# I have medical issues and husband won't accept me ): ):



## Caileag87 (3 mo ago)

I could really use some advice, I'm so down just now. 

My husband and I have been together for 16 years, so quite a long relationship.

Generally our sex life has been good and frequent and we are both on similar page and well suited in that way. I'll admit that there has been some periods of time where I have rejected him for a while due to tiredness / body image issues which I knew hurt his feelings, but there have been more 'good' times than bad. He got lazy with effort in bedroom a couple of years ago but I said something and things were good. 

Recently I have female gynae issues and I'll need surgery. Here in UK the waiting lists are crazy, so I don't know when it will be. My issues are related to childbirth 13 years ago but only worsened recently. I can still technically have sex, but the issues are horrible and make me feel so unfeminine and sex uncomfortable and I am 'loose' now when I wasn't before. If things get any worse then sex won't be even possible until after healing from surgery. 

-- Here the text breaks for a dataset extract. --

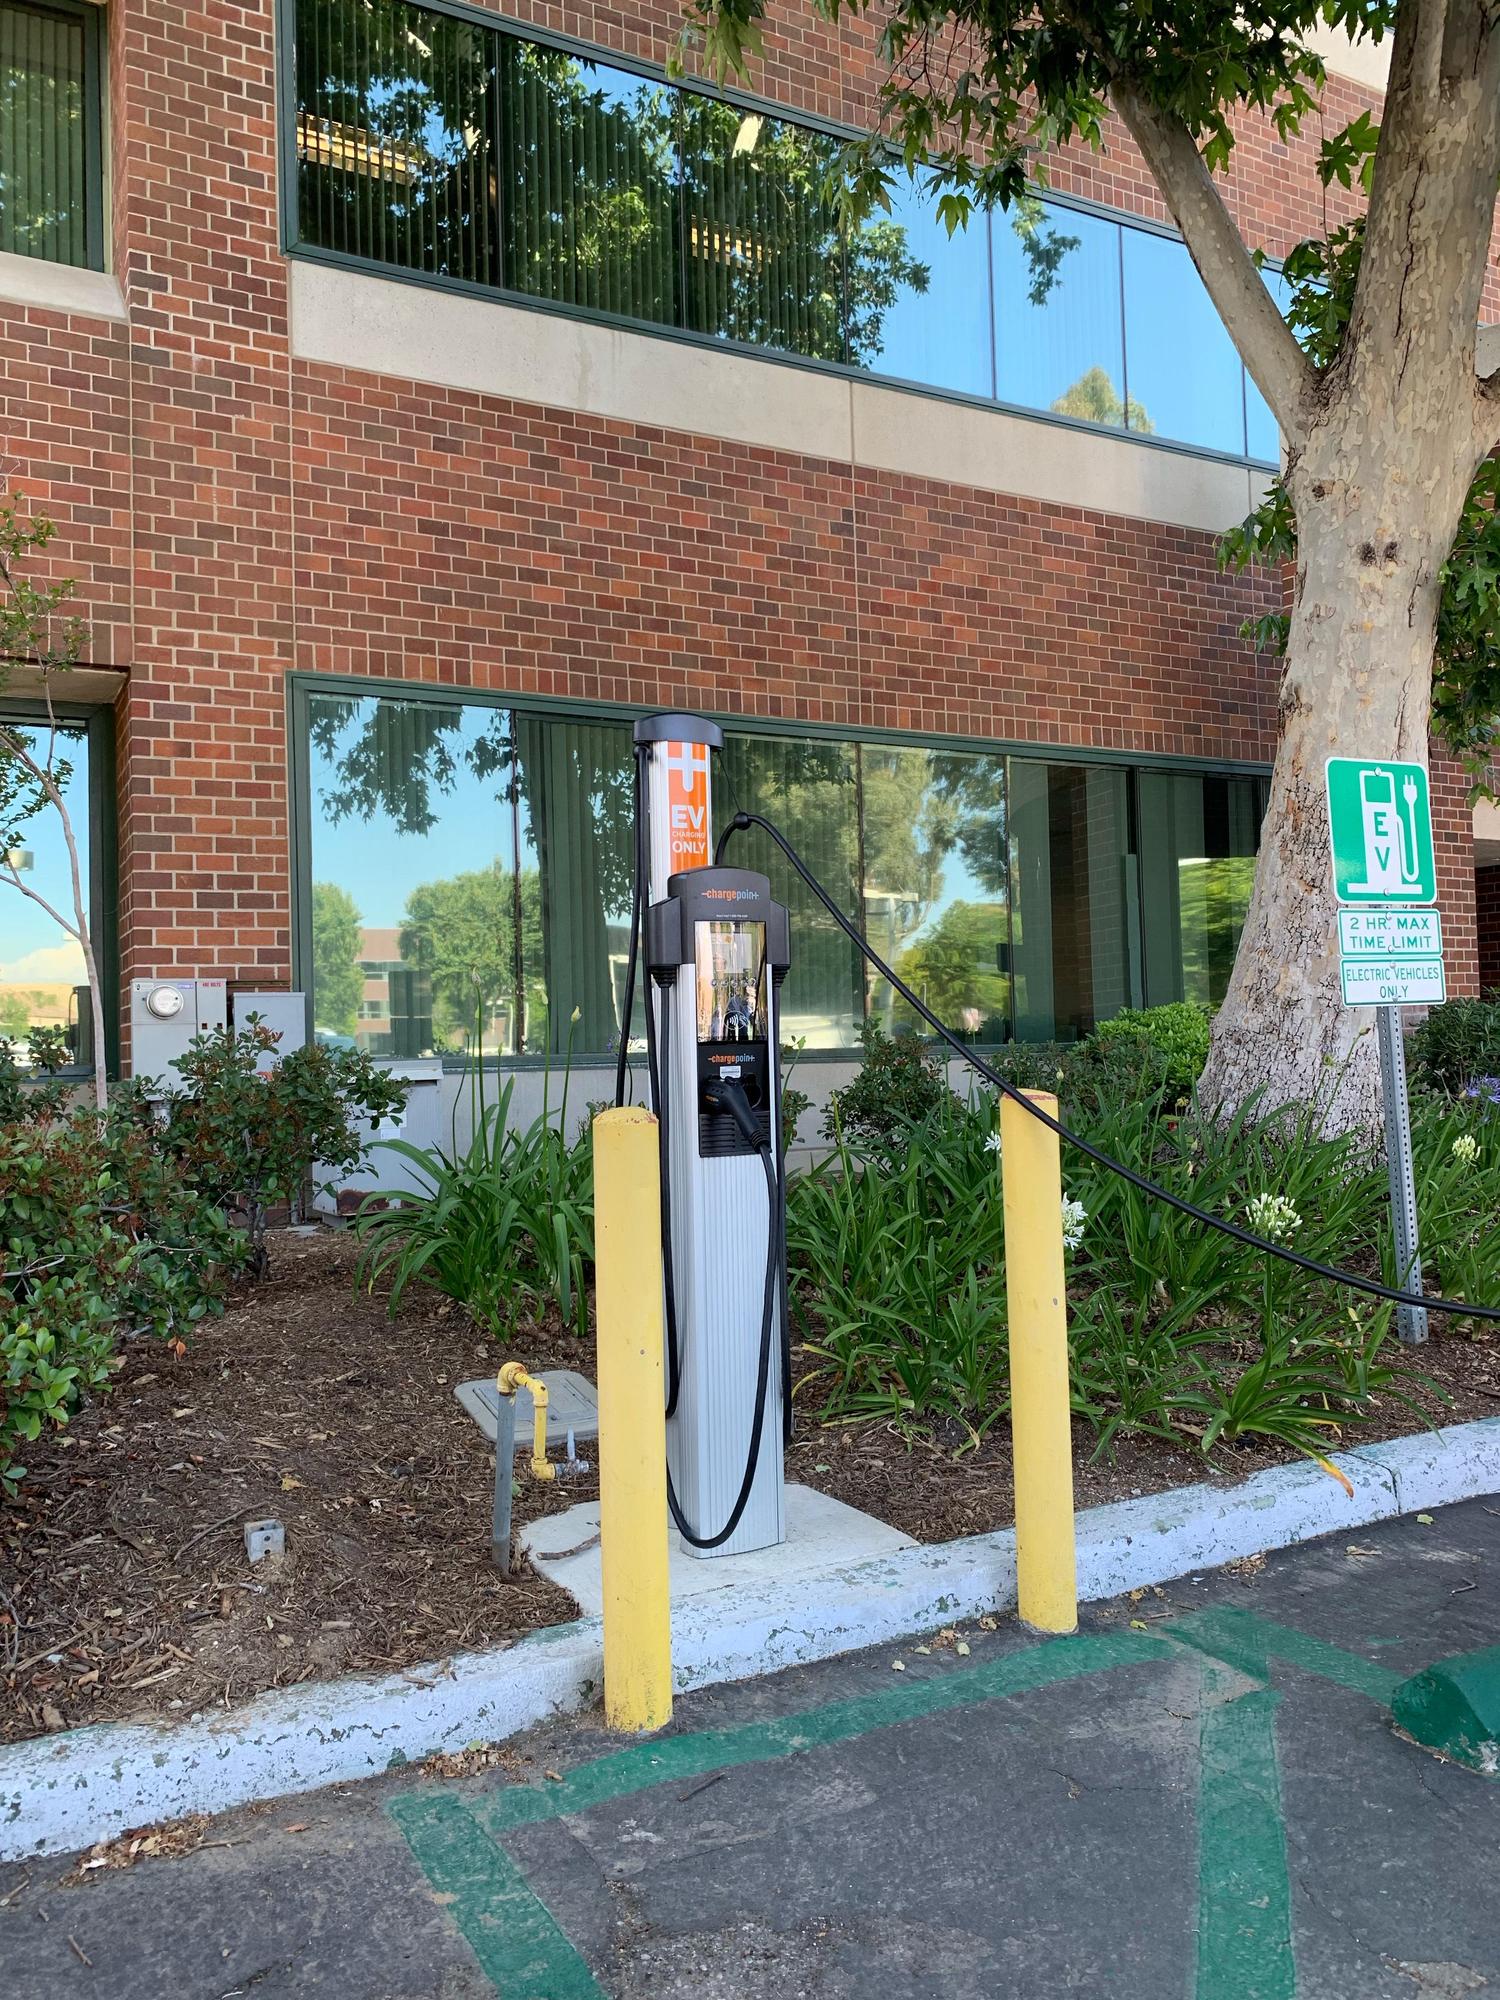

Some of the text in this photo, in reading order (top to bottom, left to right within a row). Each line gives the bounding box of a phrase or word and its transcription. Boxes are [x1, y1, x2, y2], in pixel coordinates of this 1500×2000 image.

Husband is not a talker or good communicator, so I spent time over a week, trying to get through to him how this is making me feel - I feel like my body has failed me and I'm trying to frame it better but struggling. I told him about the medical problems. Eventually he said he understands and loves me and everything will be fine, we can do other things and if we have to stop sex for a while it will be okay. He said all the right things. 

Well his understanding lasted less than a day ): ): 

We had intimacy and I gave him oral. But later on the same night and next morning he kept asking for sex and I said no I'm not ready. He accused me of 'using things as an excuse' of 'just not wanting him' and he turned away from me in bed, withheld hugs, and is still sulking barely talking to me. 

I am so sad. I thought he might react like this but had hope. I am more than happy to do other intimacy. I'm angry he is treating me this way.

Okay, maybe he is reminded of previous times where I did reject him due to 'silly' issues such as my body confidence. But I still think he is so wrong. He'll never admit when he is wrong. I'm so hurt that unless he apologises and acknowledges he's hurt me, of his own accord, I don't know if I can come back from it to be honest.

Sorry for the long post. What can I do??


----------



## Mr.Married (Feb 21, 2018)

When you say sex is uncomfortable do you mean it is physically uncomfortable or is it just mentally feeling unattractive? I doubt your husband cares much if you have big vagina and that is your concern.


----------



## Caileag87 (3 mo ago)

It's physically uncomfortable but I'd deal with that sometimes to be close. It's really affecting me mentally, I feel really unattractive with it. It is female pelvic organ prolapse. My uterus is basically falling into my vagina. It's only partially down now but if it gets further down then sex will not be possible until after surgery ): ): 

I'm so hurt today that he was so mean about it.


----------



## bobert (Nov 22, 2018)

Your husband is being a ****, especially since it sounds like you're willing to do other activities to replace PIV sex. 

Are you doing everything you can to get the issue resolved? Sometimes spouses drag their feet (or outright refuse) to take care of their health for various reasons, but it can cause resentment and whatnot.

Have you tried pelvic floor physiotherapy? Not sure it would help with the current level of prolapse but it might stop it from worsening and help with the "loose" feeling.


----------



## She'sStillGotIt (Jul 30, 2016)

I'm sorry, but he sounds like a real jerk off.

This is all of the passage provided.